Why do so many teens commit suicide?
Teens kill themselves because they simply don’t know what else to do. They may be sad, mad, heartbroken, bullied or just drunk/high. They commit suicide in many different ways (I don’t like to post those here as have young readers) but the bottom line is that they just want the pain to end. They don’t really want to die, that’s sort of just a side effect as far as they’re concerned, they just want the pain to end. Teens are impetuous, in the moment. Future? What’s that to a teen? Not much.
Bullying is a major cause of suicide (bullycide), but it’s not the only one. Most of my suicidal clients are upset about family matters, not external ones. You, their parents, are the most influential people in their lives. Not their friends, their teachers or their boyfriends/girlfriends … yes, it’s true … really.
What can you do to prevent your teen from going down that path?
Remind yourself that you are far more important in your teenager’s life than you even realize. And certainly more than they realize. Actually, that’s not true, all my teen clients talk about their parents more than their friends … interesting isn’t it?
What do I do that’s different from what you do? I give your kids hope. I listen and validate. I validate every single one of their feelings (not all their actions) and give them hope. By feeling heard and understood, they just naturally start having hope about the future. Hope prevents suicide.
The problem you have when I tell you to listen and validate is that you’re so caught up in all the crap your teens are putting you through at home that you can’t see through all your own pain. I cannot sympathize with that more as know how difficult teens can be. But that’s stuff we work on AFTER the listening and understanding takes place. Giving you hope is my job, so just trust that listening is the first step.
Why is it important to talk about suicide?
I believe suicide should be a subject that all families discuss. It’s a difficult topic but so is sex, and that needs to be discussed also. Just because you talk about something it doesn’t mean they’re going to go out and do it. As a matter of fact, it’s the opposite. I’ve asked pretty much all my teens clients if they’ve had sex and if they’ve thought about killing themselves. They answer me honestly and matter-of-factly, it’s you who who get all upset and are unable to discuss these topics.
Secrets imply shame … so TALK!!!
What if my teen has already attempted suicide, or is talking about it?
GET HELP!!! This is not the time to try to work things out yourself. Schools are a wealth of resources. They have counselors and connections to help you figure out what to do. You can hire me as I specialize in teens, but don’t put all your eggs in one basket. Search out help from every single source you can find. I can help you co-ordinate all the help and services you search out but will also warn you that teens are impetuous so you have to act fast and put your own emotions aside.
Most teens who threaten to kill themselves don’t actually follow through, but some do. There are no definitive warning signs so take them all seriously and GET HELP!!!

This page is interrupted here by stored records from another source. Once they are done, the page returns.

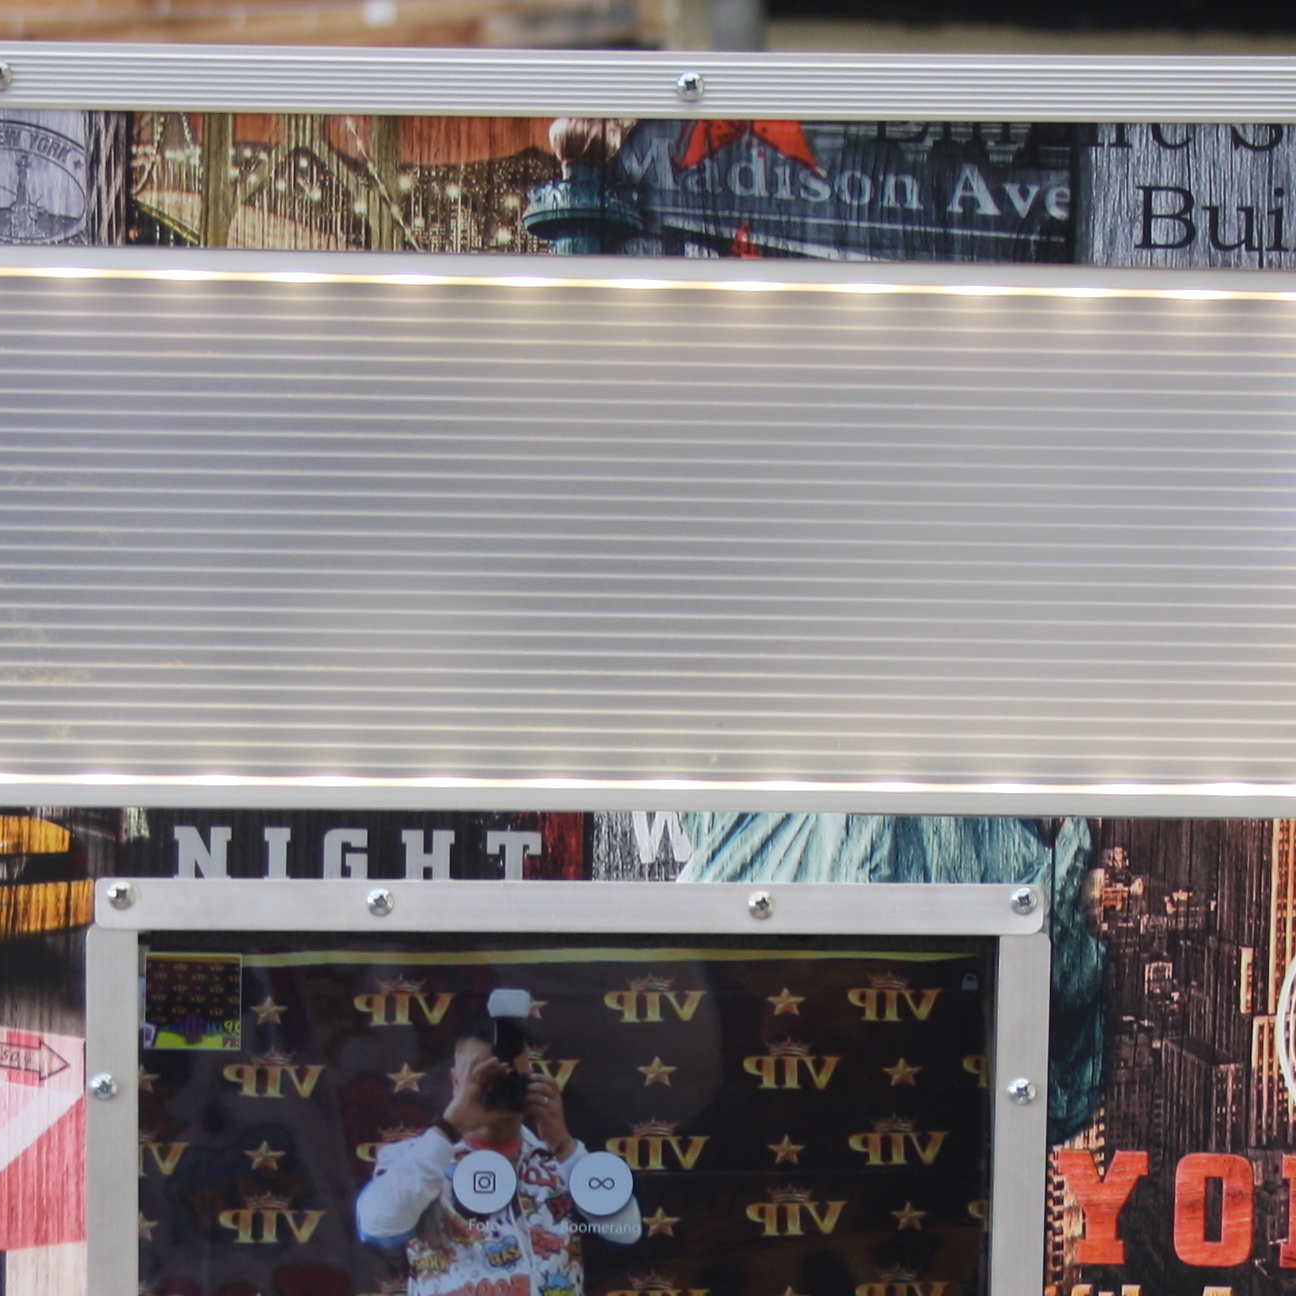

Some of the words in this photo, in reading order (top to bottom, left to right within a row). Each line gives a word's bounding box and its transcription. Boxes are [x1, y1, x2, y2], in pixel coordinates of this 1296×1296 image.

[29, 132, 74, 163] YORK
[620, 137, 924, 210] Madison
[947, 163, 1071, 220] Ave
[173, 826, 543, 880] NIGHT
[468, 1218, 500, 1233] Foto
[560, 1221, 642, 1237] Boomerang

Lisa Bunnage, Parenting Coach & Mom (lisa@bratbusters.com)

{ 3 comments… read them below or add one }
Hi, I am not a mother, but a teacher of many teens who are in crisis. Suicide is not the only way that they “deal” with their issues. I have some who don’t eat, cut themselves, drink and do drugs to make the pain “go away”, in a way… a type of suicide but much slower. I have found that by talking with them, not at them has really helped. I definitely agree with you about the issue starts with the family. Families are the cornerstone of any child. When parents divorce, are too busy with work, or are too busy with their own addictions, the child suffers far greater than most parents realise. Help is available at schools but understand that sometimes it is not just the child that needs the help.

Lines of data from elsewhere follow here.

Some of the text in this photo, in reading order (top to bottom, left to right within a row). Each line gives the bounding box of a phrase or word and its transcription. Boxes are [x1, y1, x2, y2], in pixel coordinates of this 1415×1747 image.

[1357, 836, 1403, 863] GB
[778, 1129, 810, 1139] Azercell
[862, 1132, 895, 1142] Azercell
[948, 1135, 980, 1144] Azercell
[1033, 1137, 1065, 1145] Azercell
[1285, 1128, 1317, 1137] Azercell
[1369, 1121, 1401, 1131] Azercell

Yup, lots of ways teens express their pain: cutting, eating disorders, bullying, violence toward themselves/others, drugs, sex, etc.
You hit the nail on the head by saying not to talk “at them”. My biggest message to parents is to listen to their kids. Listen to understand, not just to gather information to lecture with. Kids constantly complain to me that their parents don’t listen to them and, even worse, tell them how they “should” feel … yikes. There’s nothing more annoying than being told your feelings are wrong. How can they be wrong??? That doesn’t even make any sense.

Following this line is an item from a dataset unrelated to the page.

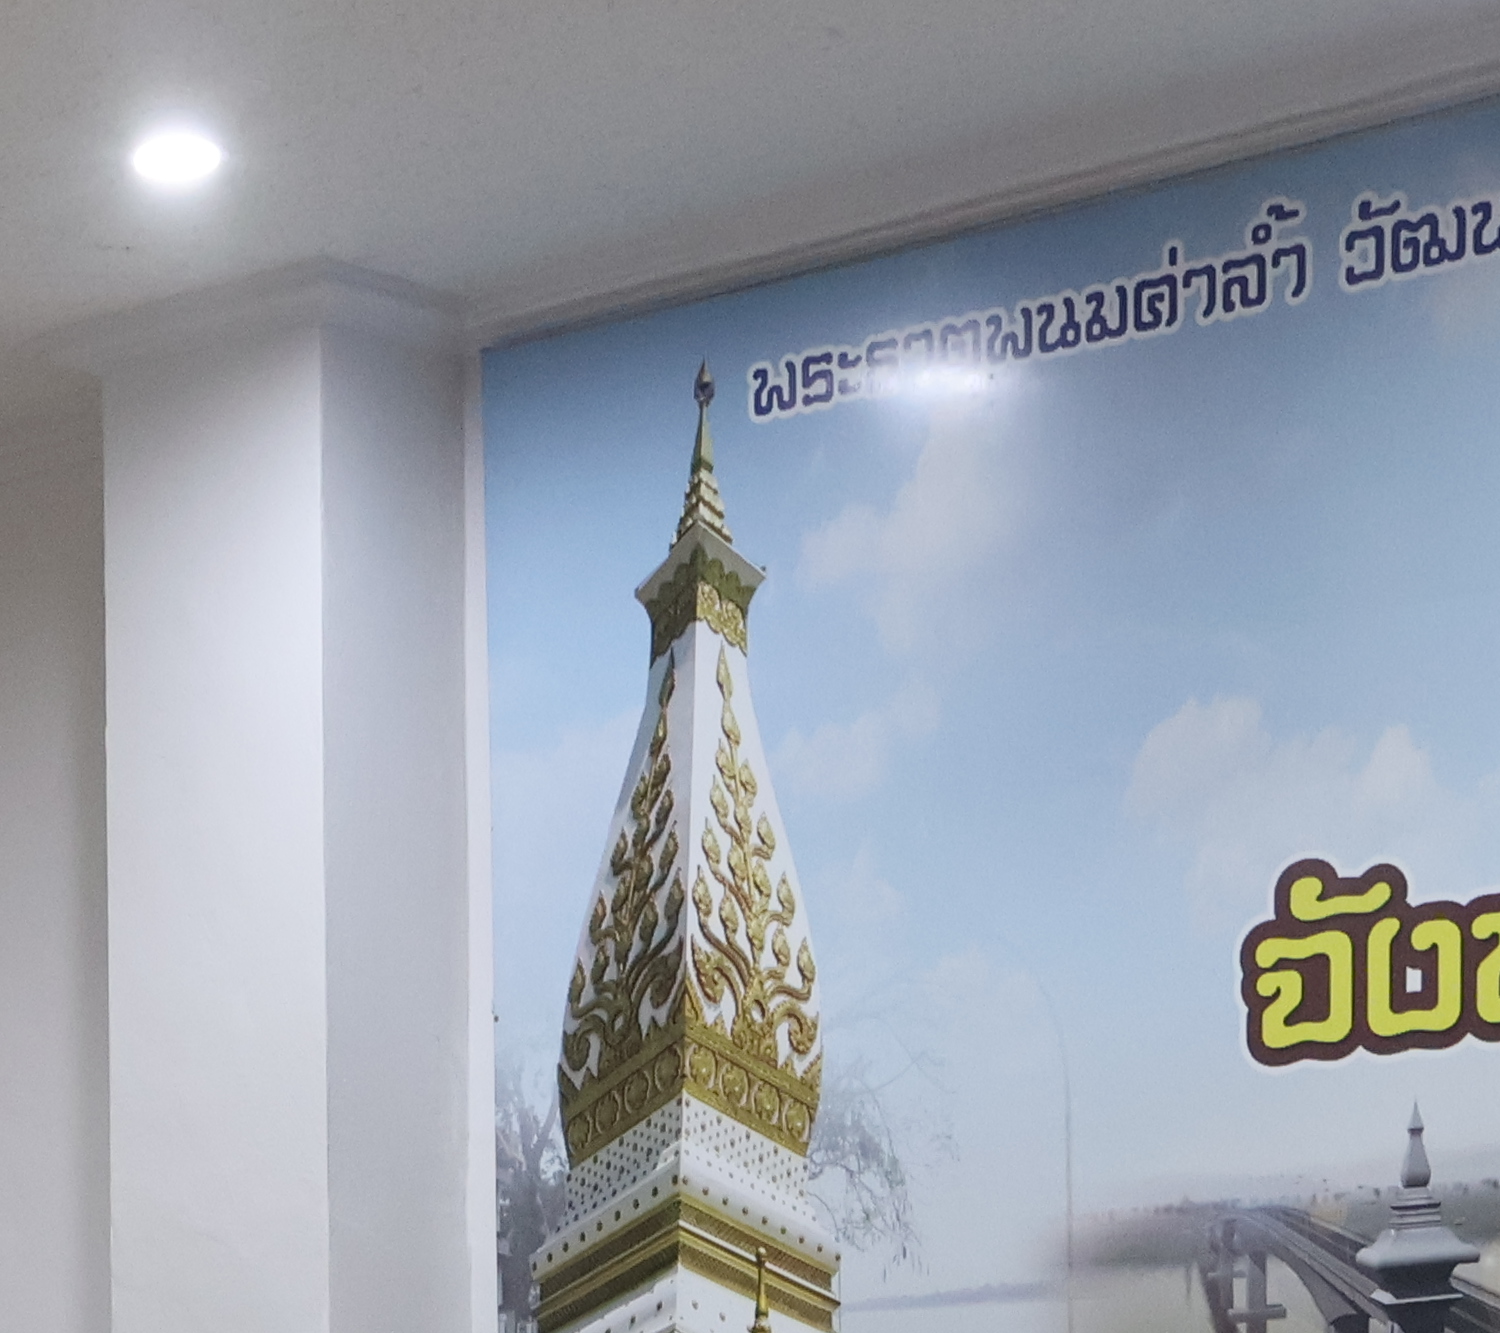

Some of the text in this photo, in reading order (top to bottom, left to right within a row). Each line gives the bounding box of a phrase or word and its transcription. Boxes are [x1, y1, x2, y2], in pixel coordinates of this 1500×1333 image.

[753, 205, 1305, 416] พระธาตพนมค่าล้ำ

You can help kids work through their feelings, but only once you’ve acknowledged and validated them … that’s respect. Once kids feel heard and understood they’re receptive and respectful.
You’ve gotta give respect to get respect … especially with teenagers.
(via email … got permission to post)
Lisa,
I heard you on Global TV today and I was concerned.
You said many children/teens do not understand that it takes hard work to grow up, that all of us feel upset at times or not in control!
However as a teacher in public schools for 47 years this June, I find the problem growing worse, BECAUSE everyone including parents and children and the government seem to feel that feeling good and getting good grades, etc. etc. ,should just happen. No one should have to work for it, or experience any rough spots, just good things should happen to you. They are not taught how to cope with adversity! We are raising a group of “entitled young people”, who when confronted with adversity simply quit or worse.